I recently moved this site over from Wordpress to Hugo, a popular static site generator, and only wish I’d had made the switch sooner. (I’ve also open-sourced the site on GitHub.)
After years of running Wordpress, I had grown frustrated with the bloated and high-maintenance nature of the CMS that it is. Keeping plugins updated and compatible required more time than it was worth, and writing posts became a chore with the constant vigilance required in ensuring correct formatting in its WYSIWYG editor. Change was necessary.
Static site generators such as Jekyll and Hugo are all the rage these days, primarily doing the same job as a regular CMS: taking a bunch of content and converting them into pretty web pages. However, unlike traditional CMSs, they do it all ahead of time: converting content written with Markdown into HTML files along with all the prerequisite assets, and packaging them up into a single distribution, ready to be served without the need for a database or dynamic execution (e.g. PHP).
I ended up going with Hugo over Jekyll due to speed and portability. Jekyll, being Ruby-based, requires a Ruby development environment and a large number of prerequisites for use, whilst Hugo is built in Go and statically compiled, making it extremely portable and quick to install and run.

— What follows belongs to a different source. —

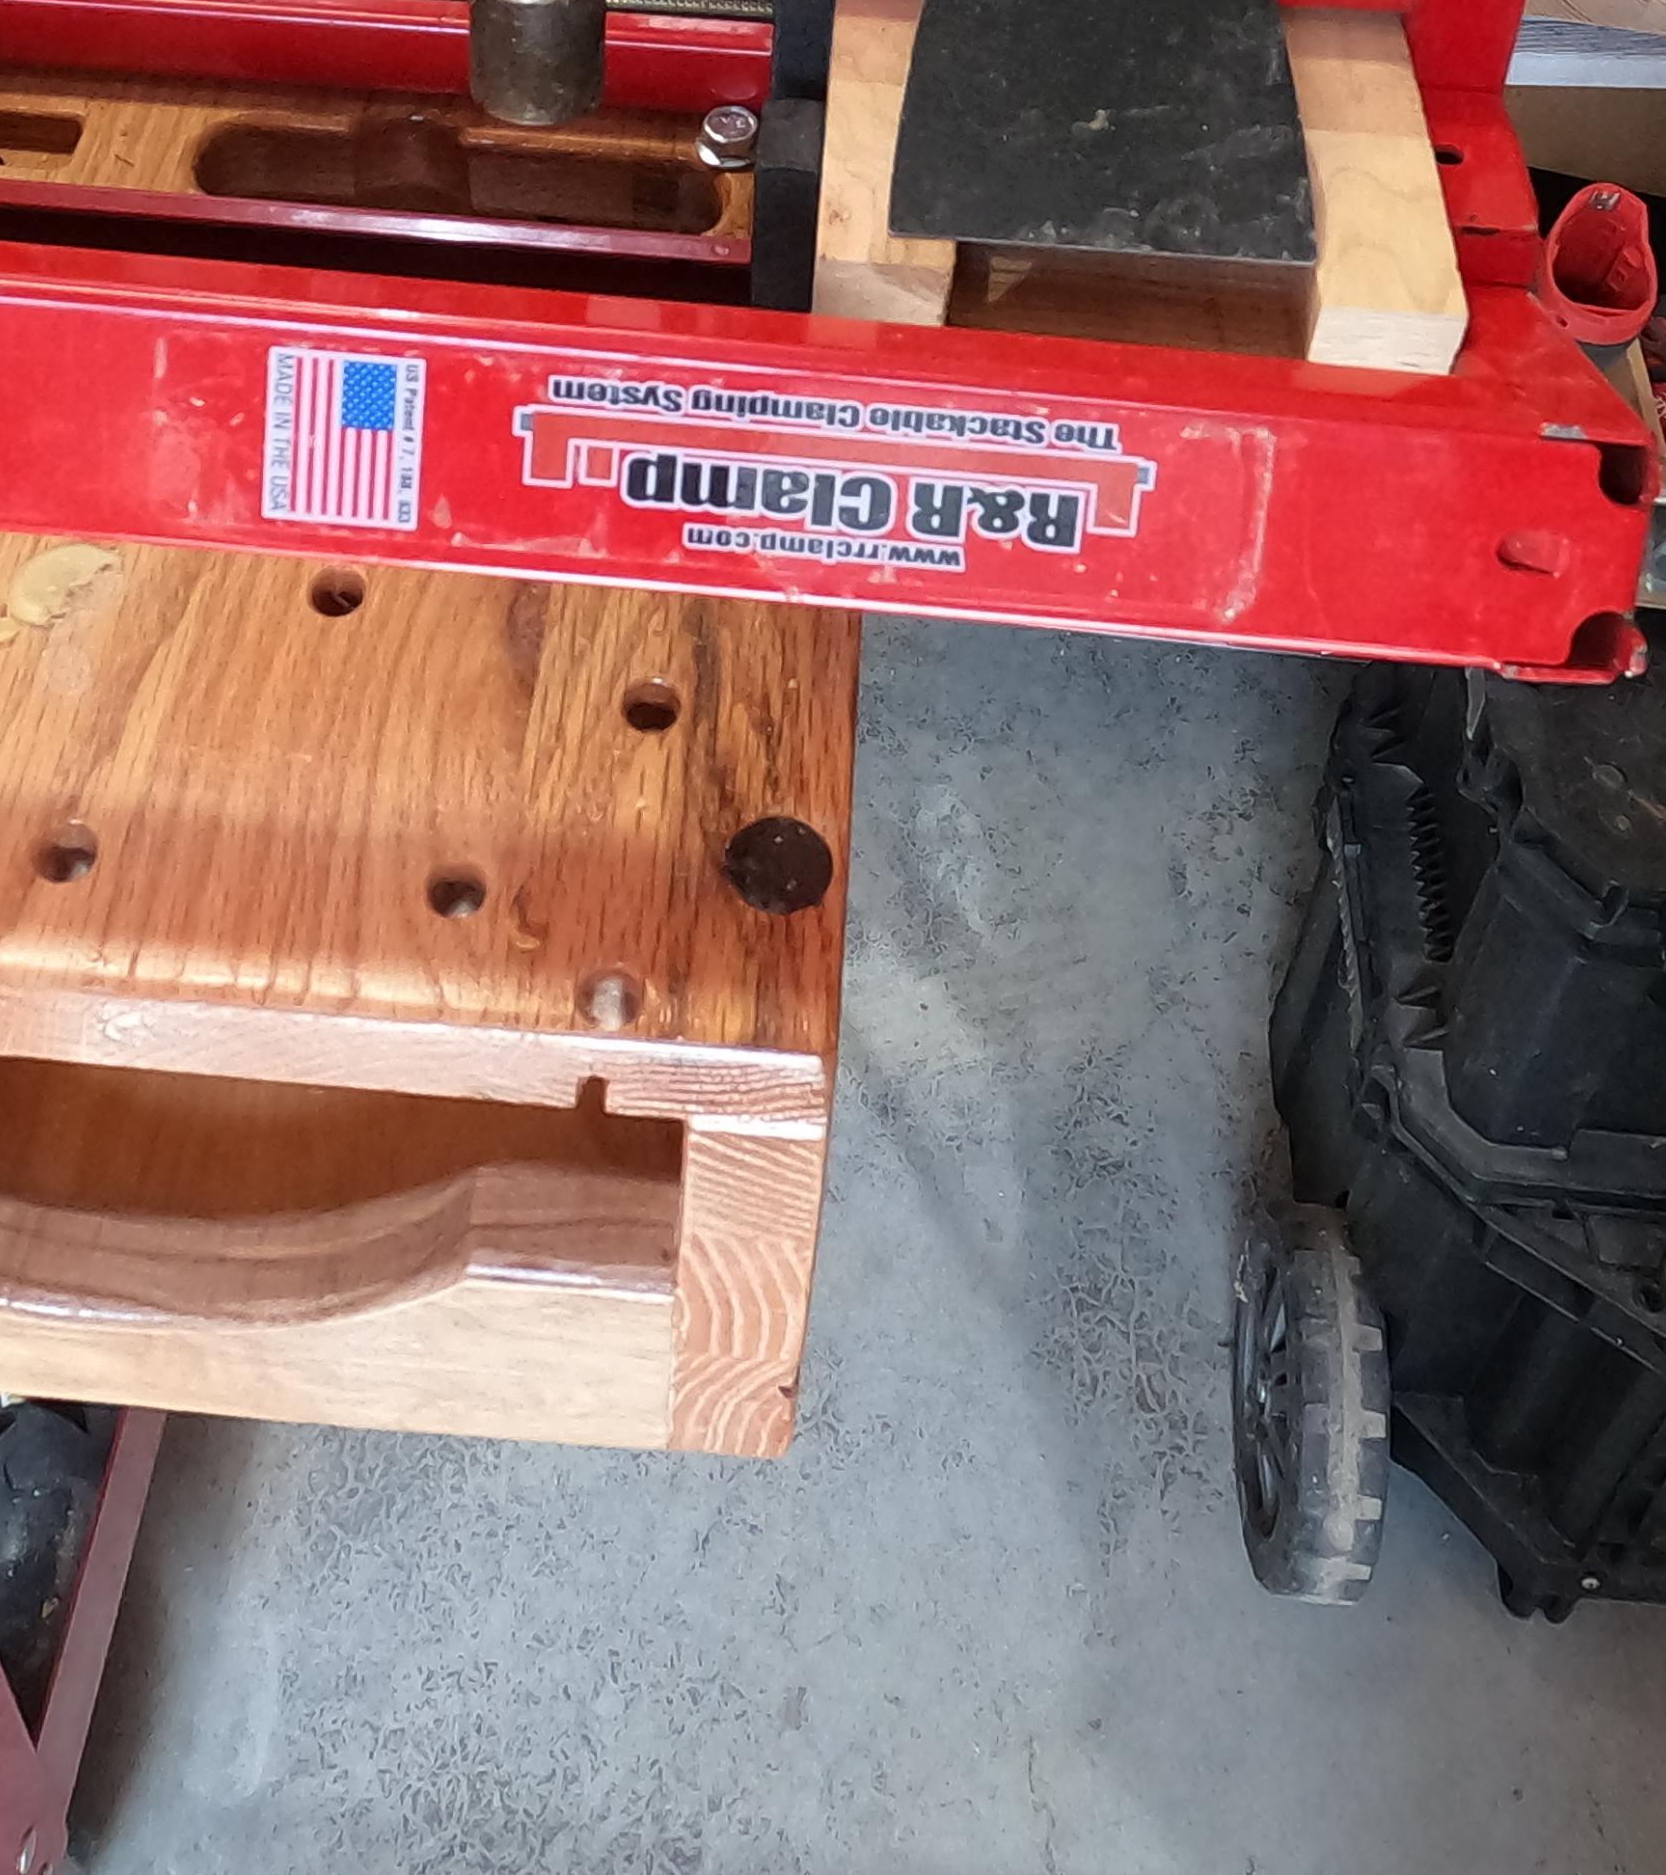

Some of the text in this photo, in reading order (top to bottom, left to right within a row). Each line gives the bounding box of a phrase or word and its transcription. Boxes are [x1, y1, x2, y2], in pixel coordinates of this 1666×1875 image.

[269, 353, 296, 511] MADE IN THE USA
[551, 377, 1120, 450] The Stackable Clamping System
[627, 451, 1082, 550] R&R Clamp
[686, 526, 964, 568] www.rrclamp.com

The nicest aspect of the change has been the ease in writing posts. Using Markdown is a pleasure, and exponentially better than the WYSIWYG editor of yesterday.
Going forward, a greater degree of control and flexibility was well worth the time invested in migrating existing content and setting up and customising the site. I based the blog off of the beautiful startbootstrap-clean-blog theme, with modifications made for further requirements.
Ultimately, one should go with a CMS they feel most comfortable with in the long-term; Hugo meets all my needs now and in future, and I couldn’t be happier with the new setup.